Dynamically focused Gaussian beams are investigated for the seismic imaging of common-shot reflection data. This extends the work of Nowack [1] in which focusing of Gaussian beams propagated from the source, and receiver surface is used to allow the narrowest portions of the beams to occur at the depth of a specific target structure. The beam fronts at the beam waists are also planar leading to more stable beam summations for imaging. To match with the surface data, quadratic phase corrections are required for the local slant-stacks of the surface data. However, in the earlier approach only a single focusing depth can be specified. To provide additional control on the imaging process using focused Gaussian beams, a dynamic process is investigated where all subsurface points are specified to have planar beams of the same width. This gives the effect of using nondiffracting beams at the scatterers, but actually results from the use of multiple imaging depths for each Gaussian beam. As a result, there is a tradeoff in speed where now different slant stacks of the data are required for each subsurface point. In order to speed up the imaging process, the slant stacking of the data window is varied to match the focusing depths along individual beams when tracked back into the medium. These focused slant stacks are then matched to Gaussian beams with beam waists located at different subsurface locations. The approach is first tested using 5-point scatterers which are then imaged with the data, and then using a single dynamically focused beam for one shot gather computed from the Sigsbee2A model.

Summations of Gaussian beams have been applied for the computation of high-frequency seismic wavefields in smoothly varying inhomogeneous media (see e.g., Popov [2]; Cerveny et al. [3]; Nowack and Aki [4]). Reviews of Gaussian beam summation have been given by Cerveny [5, 6], Babich and Popov [7], and more recently by Popov [8], Nowack [9], Cerveny et al. [10], and Bleistein [11]. An advantage of summations using Gaussian beams to construct more general wavefields is that the individual Gaussian beams have no singularities along their paths, no two-point ray tracing is required, and triplicated arrivals are naturally incorporated into either forward or inverse modeling. More recently overcomplete frame-based Gaussian beam summations have been developed based on window and wavelet transforms to address some of the issues related to completeness of beam summations [12]. In an overcomplete frame-based approach, the wavefield is decomposed into beam fields that are localized both in position and direction. Although an orthonormal basis cannot be formed using a Gabor frame, an overcomplete frame expansion can be constructed which has the added benefit of providing redundancy in the expansion [1317]. Here curved initial beams are used to decompose the data and these are then propagated into the subsurface using dynamically focused Gaussian beams. An alternative is to shoot beams from the scattering locations upwards to the source and receiver plane as was done by Popov et al. [18], but this will be computationally slower than shooting beams from the surface.

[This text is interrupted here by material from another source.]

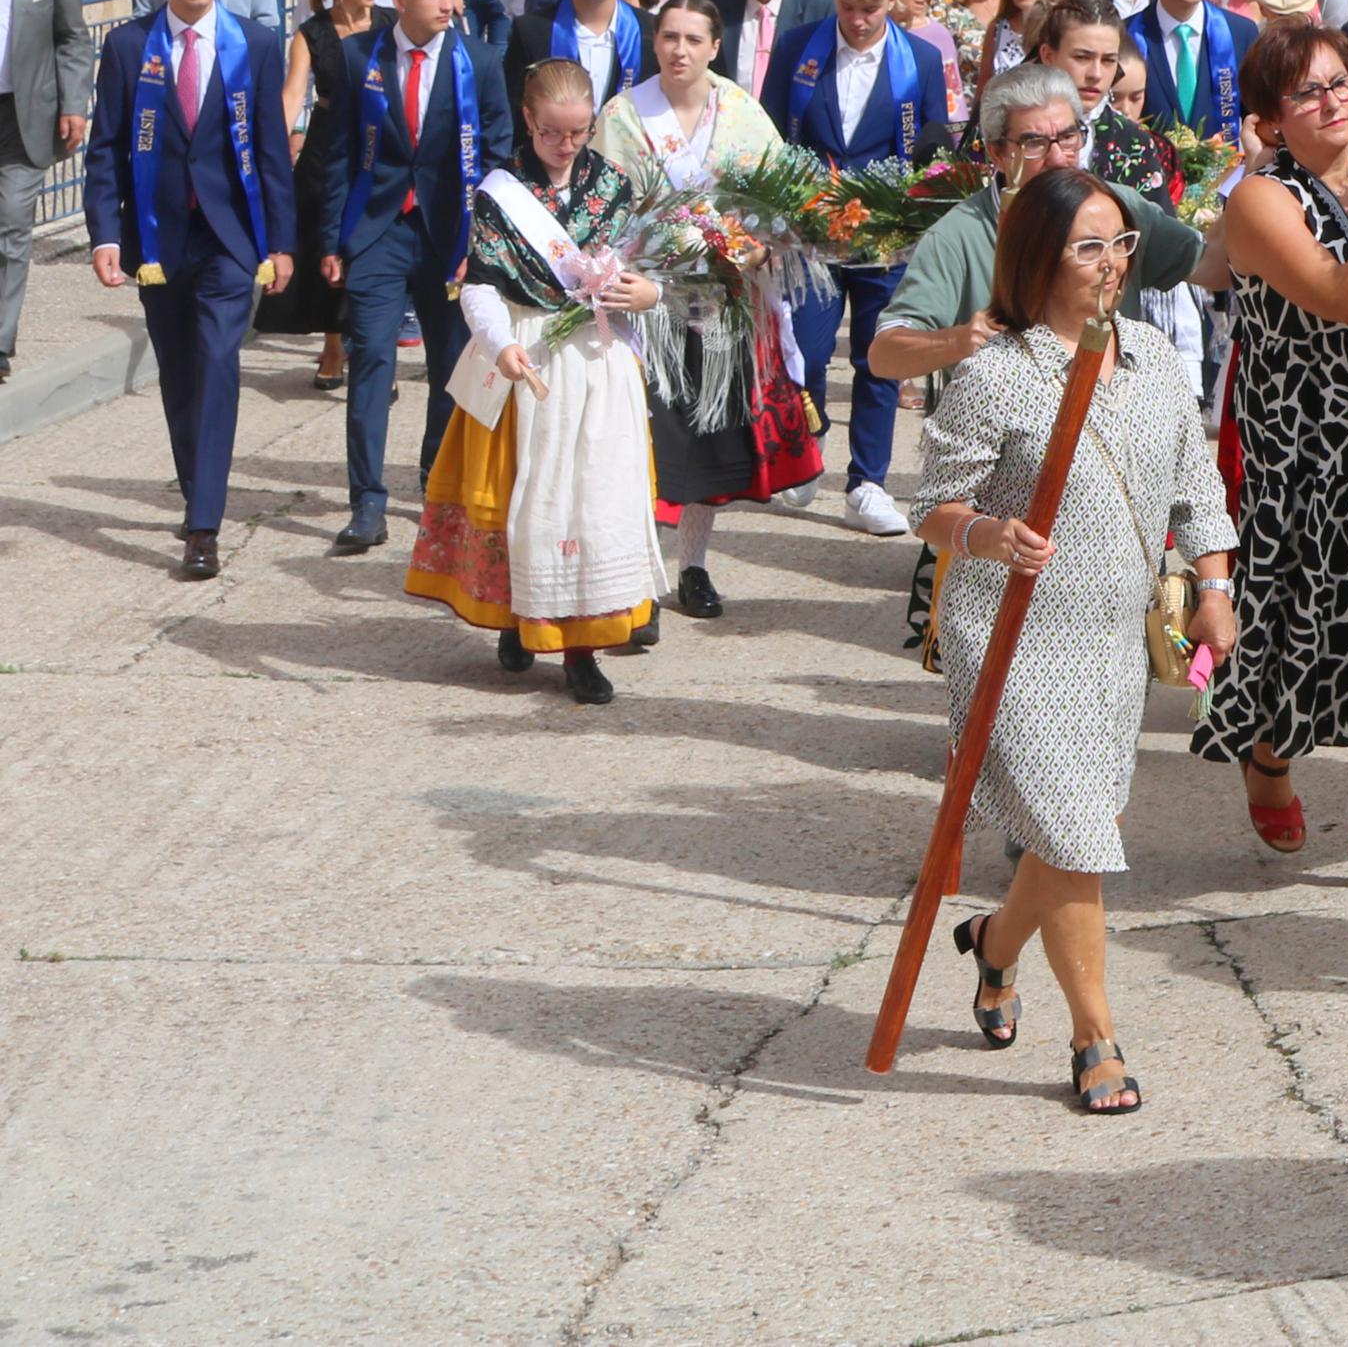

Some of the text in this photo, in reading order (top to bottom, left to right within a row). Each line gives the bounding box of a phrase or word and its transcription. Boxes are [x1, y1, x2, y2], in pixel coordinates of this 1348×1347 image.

In order to test the dynamically focused Gaussian beam approach, a model is constructed with 5 small scatterers with depth in a vertically varying medium resulting in five diffracted arrivals each with different move-outs with distance. The partial image is then given for a single beam with different focusing depths such that the planar beam waists at the subsurface points are the same. However, when summed over all angles and data windows, the scatterers are properly imaged. This is then tested for a single dynamically focused beam for one-shot gather computed from the Sigsbee2a model. The advantage of using dynamically focused beams is the consistency of having the same focused beams for all subsurface points. A disadvantage is that now multiple slant stacks are required for different points of the subsurface which increases the computational burden compared to a standard Gaussian beam algorithm or a beam algorithm with a single focus depth. This can in part be offset by precomputing the beam stacks at a set number of focusing depths and then interpolating the results required at different subsurface points.

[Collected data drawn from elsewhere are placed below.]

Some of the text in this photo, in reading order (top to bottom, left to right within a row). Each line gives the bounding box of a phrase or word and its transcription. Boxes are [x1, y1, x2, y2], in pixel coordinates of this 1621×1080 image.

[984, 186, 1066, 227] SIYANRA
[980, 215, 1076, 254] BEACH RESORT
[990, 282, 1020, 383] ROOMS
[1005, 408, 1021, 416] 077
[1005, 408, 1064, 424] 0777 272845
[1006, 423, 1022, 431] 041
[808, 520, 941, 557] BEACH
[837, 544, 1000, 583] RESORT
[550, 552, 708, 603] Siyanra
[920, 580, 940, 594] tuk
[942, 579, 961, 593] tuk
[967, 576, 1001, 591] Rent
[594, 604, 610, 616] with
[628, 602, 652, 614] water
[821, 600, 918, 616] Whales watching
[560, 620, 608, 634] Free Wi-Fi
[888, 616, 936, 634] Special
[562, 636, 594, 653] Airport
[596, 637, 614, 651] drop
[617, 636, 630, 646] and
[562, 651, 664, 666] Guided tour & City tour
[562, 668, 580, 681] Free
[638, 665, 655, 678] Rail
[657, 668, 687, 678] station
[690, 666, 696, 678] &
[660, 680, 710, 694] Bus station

2. Gaussian Beam Imaging with Dynamically Focused Beams

In common-shot migration, each shot gather is migrated separately and the results are summed to give the final image . Thus, where the adjoint image for each shot point can be written as where is the radial frequency, is the source time function, is the geophone location, is the source location, and is the scattered field recorded at the geophones. and are the Green’s functions, from the geophones and source to the subsurface scattering points . From reciprocity of the Green’s function and indicates the complex conjugate of .

In the 2D case, the Green’s function can be written in terms of a summation of Gaussian beams as where is the complex beam parameter [3] and

The coordinates correspond to the subsurface position in ray-centered coordinates, is the travel time along the central ray, is the velocity along the central ray, and the horizontal component of the ray parameter vector at the initial point is , where is the take-off angle from the vertical.

The complex second derivative of the travel time field with respect to the transverse coordinate can be written as where is related to the wavefront curvature of the beam by . To form a bounded Gaussian beam, then . The variables and are solutions to the dynamic ray equations and for a beam solution are also complex [19]. The dynamic ray equations in 2D have two real fundamental solutions which can be written as where . , are solutions for an initial plane wave and , and are for an initial line source. The inverse of is

The two real solutions of the dynamic ray equations must then be combined to form a Gaussian beam. There are a number of ways to combine the solutions, but one way is [3] where is the beam parameter. The variable is related to the complex geometrical spreading along the beam. Since for the fundamental solution matrix for all points along the ray, the complex geometric spreading can never be zero at any point along the beam if it is nonzero at any one point. Since the Gaussian beam amplitude is related to the inverse square root of the geometric spreading, the beam amplitudes are always finite, even at caustics for the ray solution. This is one of the useful features of Gaussian beam solutions, in contrast to ray solutions.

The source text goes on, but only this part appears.